So interesting reading everyone’s different experiences and takes on marriage/childbearing ages! 

My family doesn’t do long term marriage well as a rule. Something sadly generational it seems. Bad communication skills? Poor impulse control?  Lack of role models? Willingness to move on if things aren’t right? General atmosphere of not considering marriage necessarily permanent? A combination? I really don’t know. 
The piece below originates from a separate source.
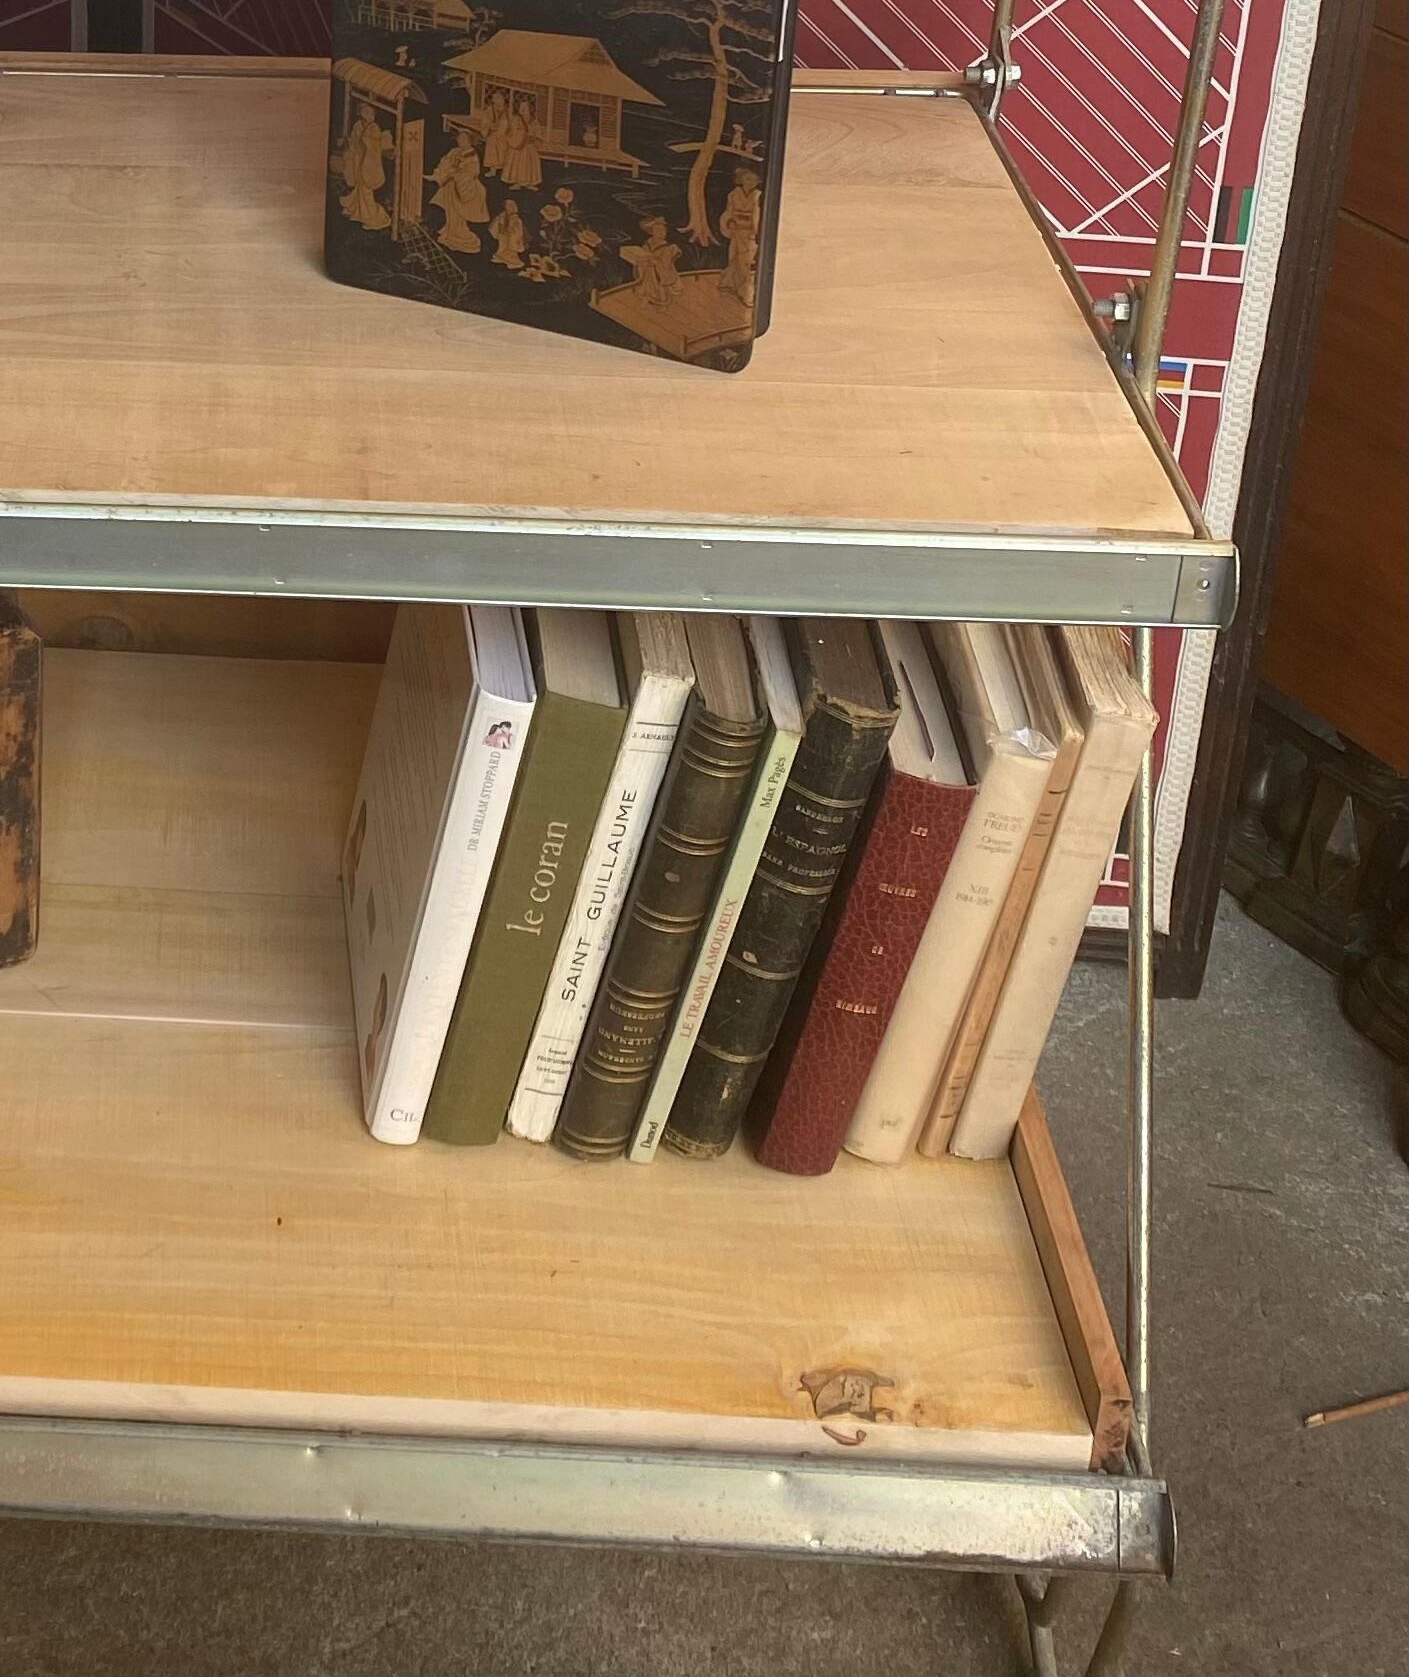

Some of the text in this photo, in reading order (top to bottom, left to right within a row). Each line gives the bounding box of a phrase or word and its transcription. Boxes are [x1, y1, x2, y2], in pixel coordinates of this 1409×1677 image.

I know everyone goes into it with high hopes of course and expecting until death do you part - and tries to work through things - but damn, we have a bad track record. And that seems regardless of age at marriage, length of time together first, etc.... Great grandma who got married a ton of times. One set of grandparents who were married multiple times - same with both my exes. My Parents ( born in the 40’s) and exeses parents ( born in the late 30’s )  - also multiple marriages / relationships.
My generation ( born in the 60’s ) divorces and / or multiple relationships w various kids. 1 - ONE! stable long term one time marriage with just their own kids out of the half dozen family members in my generation I can think of . 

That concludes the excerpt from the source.